*** Opening of Available data ***

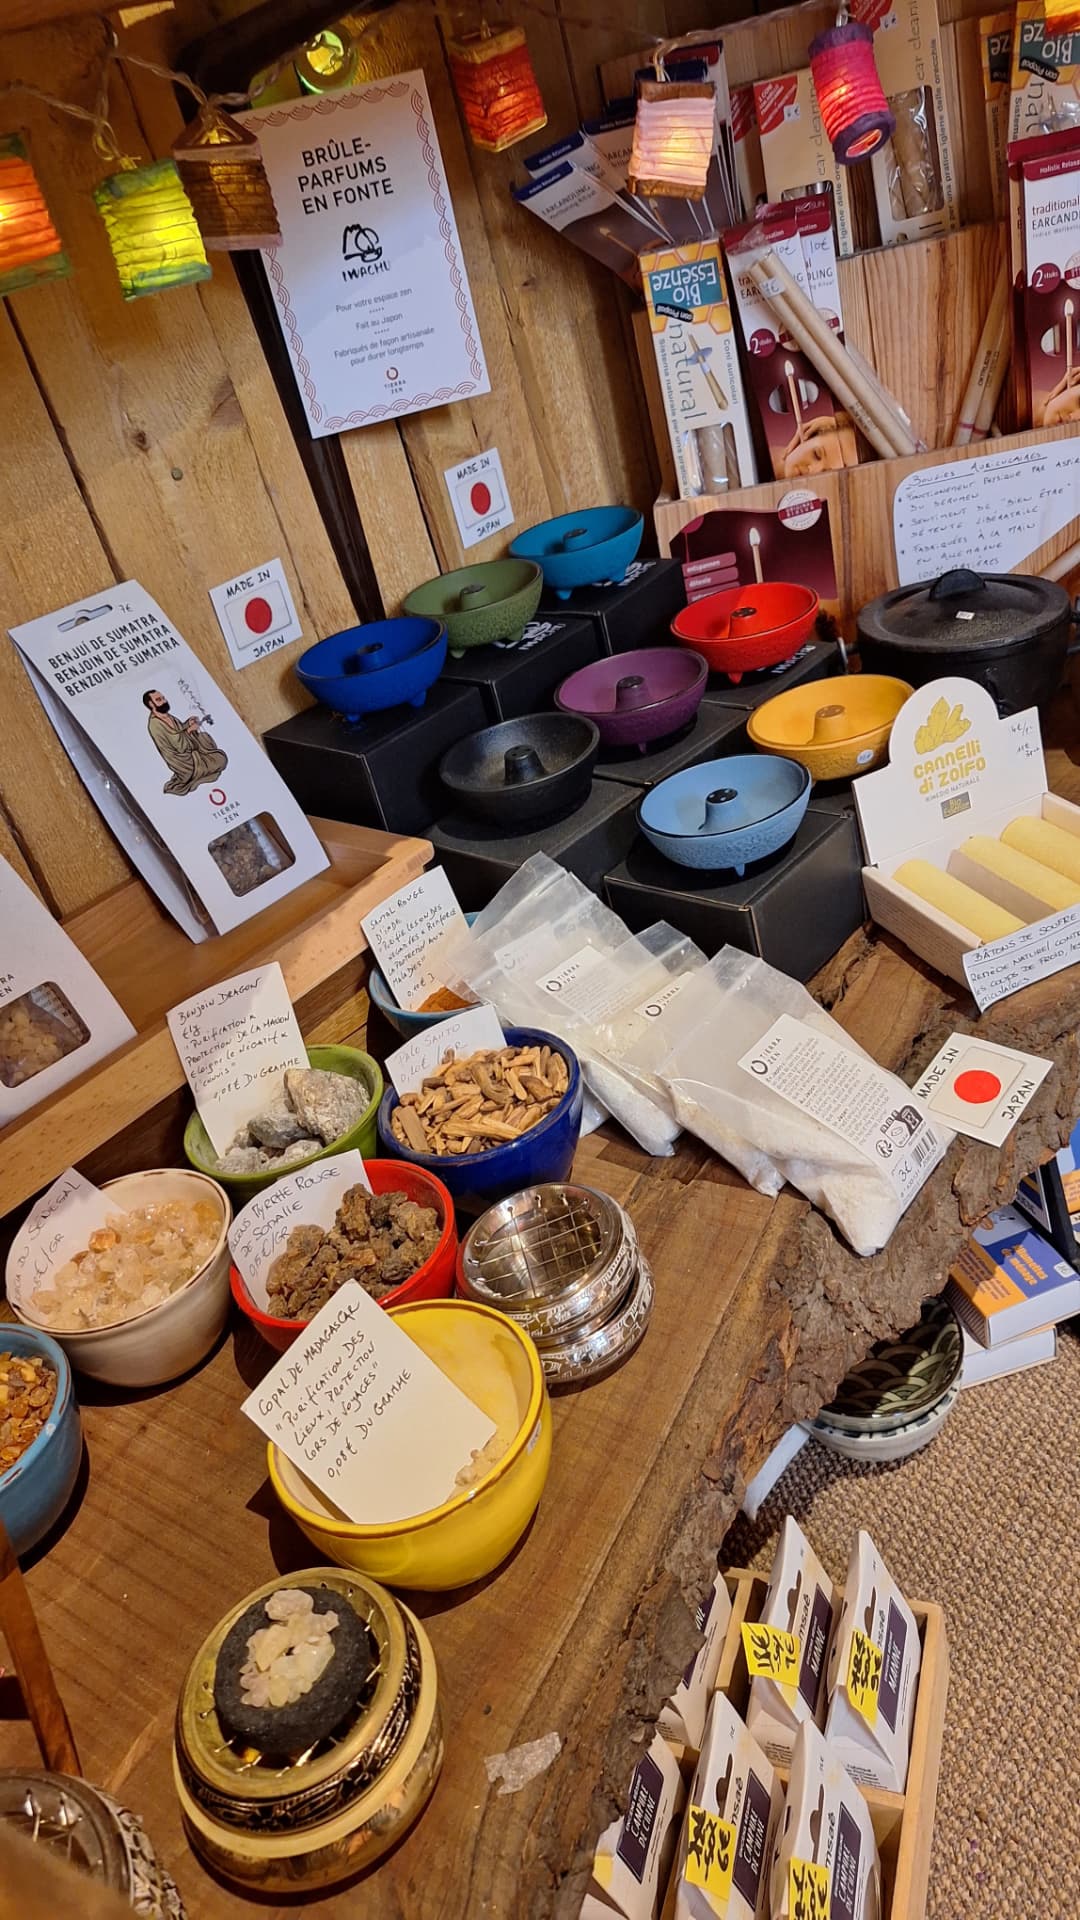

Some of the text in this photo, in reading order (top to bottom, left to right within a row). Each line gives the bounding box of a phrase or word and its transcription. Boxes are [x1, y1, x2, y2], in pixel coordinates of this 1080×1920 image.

[1042, 40, 1072, 64] Bio
[302, 138, 371, 166] BRÛLE-
[298, 156, 387, 192] PARFUMS
[302, 178, 394, 214] EN FONTE
[810, 238, 830, 253] 10€
[342, 261, 391, 282] IWACHU
[652, 261, 717, 291] Essenze
[1035, 269, 1044, 288] 2
[336, 288, 412, 313] Pour votre espace zen
[673, 285, 701, 305] Bio
[356, 313, 403, 330] Fait au Japon
[334, 327, 435, 359] Fabriqués de façon artisanale
[350, 340, 424, 367] pour durer longtemps
[751, 338, 761, 354] 2
[669, 323, 707, 419] natural
[457, 457, 490, 480] MADE IN
[1032, 465, 1045, 473] PAR
[477, 518, 501, 537] JAPAN
[911, 509, 967, 526] SENTIMENT
[990, 529, 1000, 538] LA
[1008, 522, 1036, 534] MAIN
[226, 569, 271, 599] MADE IN
[48, 613, 158, 669] BENJUÍ DE SUMATRA
[54, 624, 172, 684] BENJOIN DE SUMATRA
[253, 635, 285, 658] JAPAN
[64, 637, 181, 698] BENZOIN OF SUMATRA
[918, 778, 933, 795] di
[950, 775, 980, 793] NATURALE
[212, 801, 241, 820] TIERRA
[225, 811, 240, 825] ZEN
[397, 886, 425, 907] ROUGE
[974, 913, 1079, 962] BÂTONS DE SOUFRE
[556, 963, 580, 981] TIERRA
[218, 976, 264, 1006] DRAGON
[759, 1037, 782, 1059] TIERRA
[767, 1052, 781, 1065] ZEN
[259, 1057, 301, 1078] GRAMME
[917, 1048, 960, 1100] MADE IN
[1001, 1080, 1035, 1120] JAPAN
[898, 1160, 913, 1182] 3€
[342, 1330, 366, 1359] DES
[325, 1341, 376, 1403] PROTECTION
[258, 1377, 290, 1417] COPAL
[293, 1364, 304, 1386] DE
[355, 1417, 374, 1440] DU
[374, 1368, 412, 1417] GRAMME
[304, 1437, 327, 1461] LORS
[326, 1419, 342, 1436] DE
[809, 1626, 826, 1677] MANNE
[870, 1656, 882, 1692] 9€
[887, 1641, 904, 1694] MANNE
[631, 1785, 649, 1837] CAMPHRE
[639, 1796, 656, 1848] DE CHINE
[717, 1828, 731, 1872] 6€
[743, 1807, 759, 1864] CAMPHRE
[751, 1820, 765, 1875] DE CHINE
[839, 1843, 851, 1903] CAMPHRE
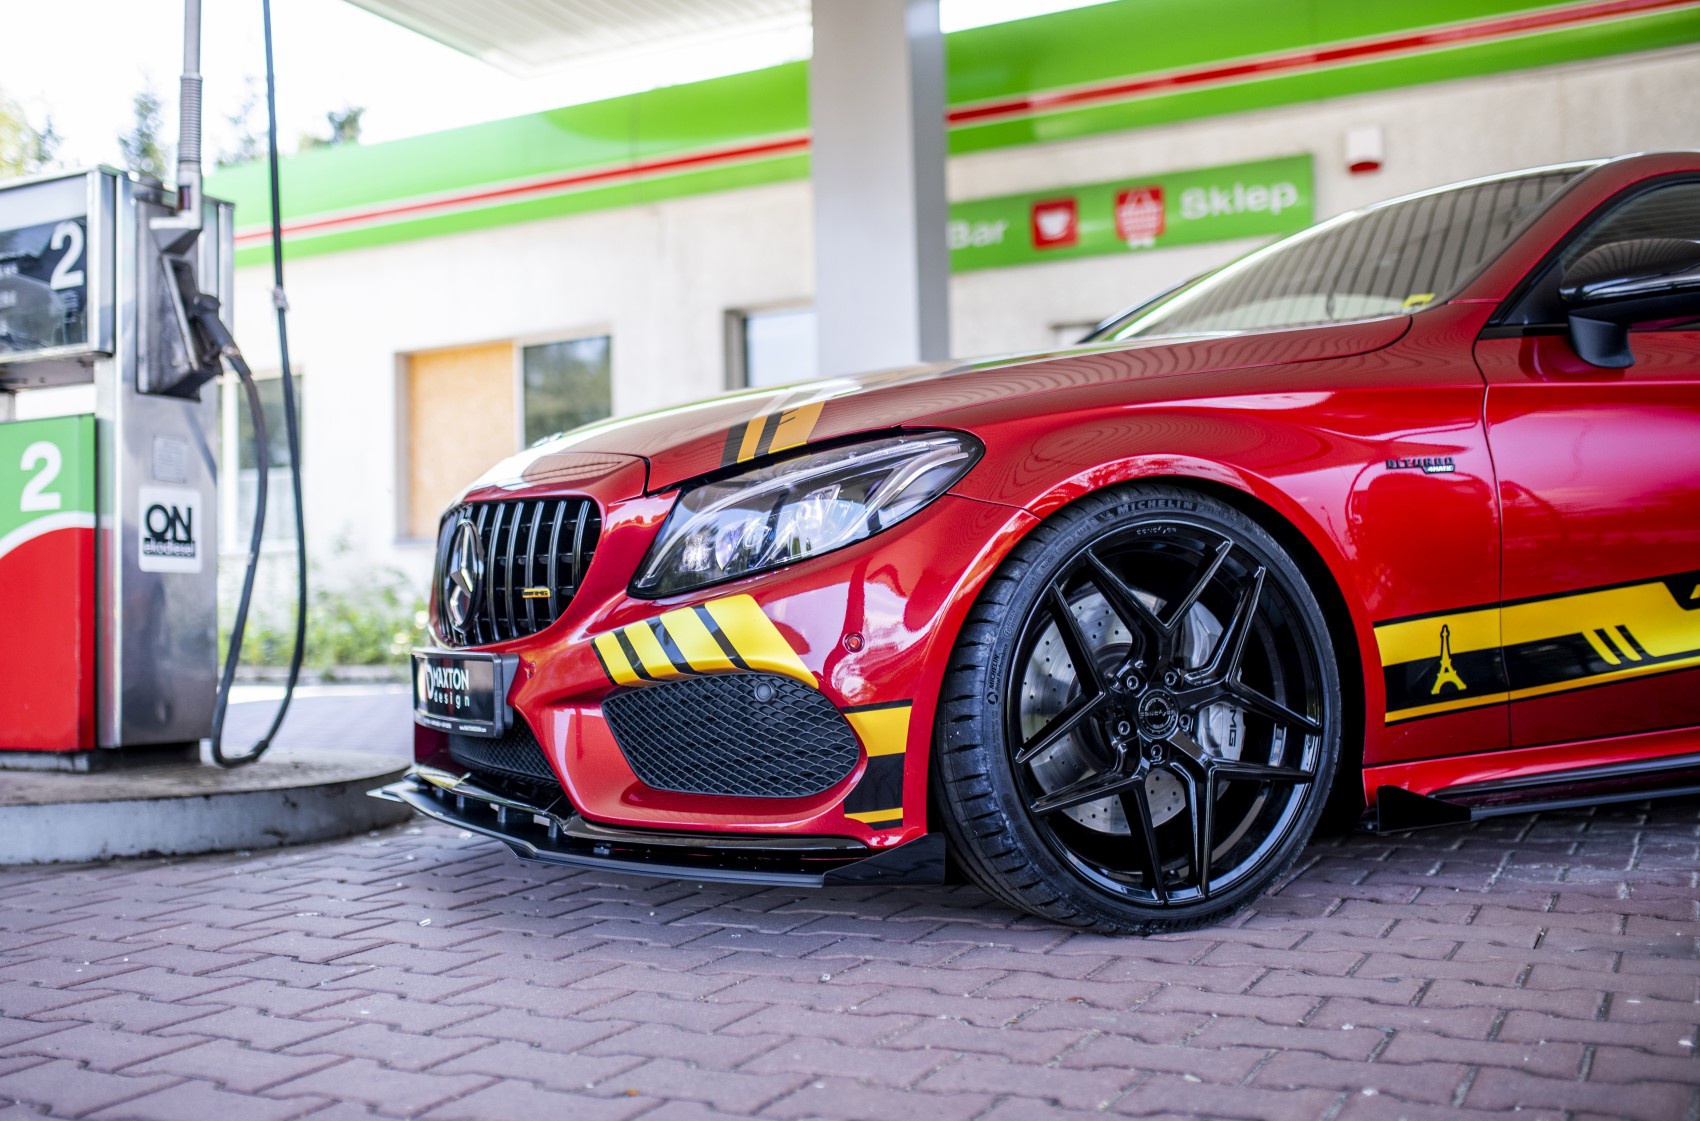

*** Close of Available data ***

## Your task
Your answer must be an exact copy of the entries above, with no pictures in it.

## Result
Some of the text in this photo, in reading order (top to bottom, left to right within a row). Each line gives the bounding box of a phrase or word and its transcription. Boxes are [x1, y1, x2, y2], in pixel coordinates of this 1080×1920 image.

[1042, 40, 1072, 64] Bio
[302, 138, 371, 166] BRÛLE-
[298, 156, 387, 192] PARFUMS
[302, 178, 394, 214] EN FONTE
[810, 238, 830, 253] 10€
[342, 261, 391, 282] IWACHU
[652, 261, 717, 291] Essenze
[1035, 269, 1044, 288] 2
[336, 288, 412, 313] Pour votre espace zen
[673, 285, 701, 305] Bio
[356, 313, 403, 330] Fait au Japon
[334, 327, 435, 359] Fabriqués de façon artisanale
[350, 340, 424, 367] pour durer longtemps
[751, 338, 761, 354] 2
[669, 323, 707, 419] natural
[457, 457, 490, 480] MADE IN
[1032, 465, 1045, 473] PAR
[477, 518, 501, 537] JAPAN
[911, 509, 967, 526] SENTIMENT
[990, 529, 1000, 538] LA
[1008, 522, 1036, 534] MAIN
[226, 569, 271, 599] MADE IN
[48, 613, 158, 669] BENJUÍ DE SUMATRA
[54, 624, 172, 684] BENJOIN DE SUMATRA
[253, 635, 285, 658] JAPAN
[64, 637, 181, 698] BENZOIN OF SUMATRA
[918, 778, 933, 795] di
[950, 775, 980, 793] NATURALE
[212, 801, 241, 820] TIERRA
[225, 811, 240, 825] ZEN
[397, 886, 425, 907] ROUGE
[974, 913, 1079, 962] BÂTONS DE SOUFRE
[556, 963, 580, 981] TIERRA
[218, 976, 264, 1006] DRAGON
[759, 1037, 782, 1059] TIERRA
[767, 1052, 781, 1065] ZEN
[259, 1057, 301, 1078] GRAMME
[917, 1048, 960, 1100] MADE IN
[1001, 1080, 1035, 1120] JAPAN
[898, 1160, 913, 1182] 3€
[342, 1330, 366, 1359] DES
[325, 1341, 376, 1403] PROTECTION
[258, 1377, 290, 1417] COPAL
[293, 1364, 304, 1386] DE
[355, 1417, 374, 1440] DU
[374, 1368, 412, 1417] GRAMME
[304, 1437, 327, 1461] LORS
[326, 1419, 342, 1436] DE
[809, 1626, 826, 1677] MANNE
[870, 1656, 882, 1692] 9€
[887, 1641, 904, 1694] MANNE
[631, 1785, 649, 1837] CAMPHRE
[639, 1796, 656, 1848] DE CHINE
[717, 1828, 731, 1872] 6€
[743, 1807, 759, 1864] CAMPHRE
[751, 1820, 765, 1875] DE CHINE
[839, 1843, 851, 1903] CAMPHRE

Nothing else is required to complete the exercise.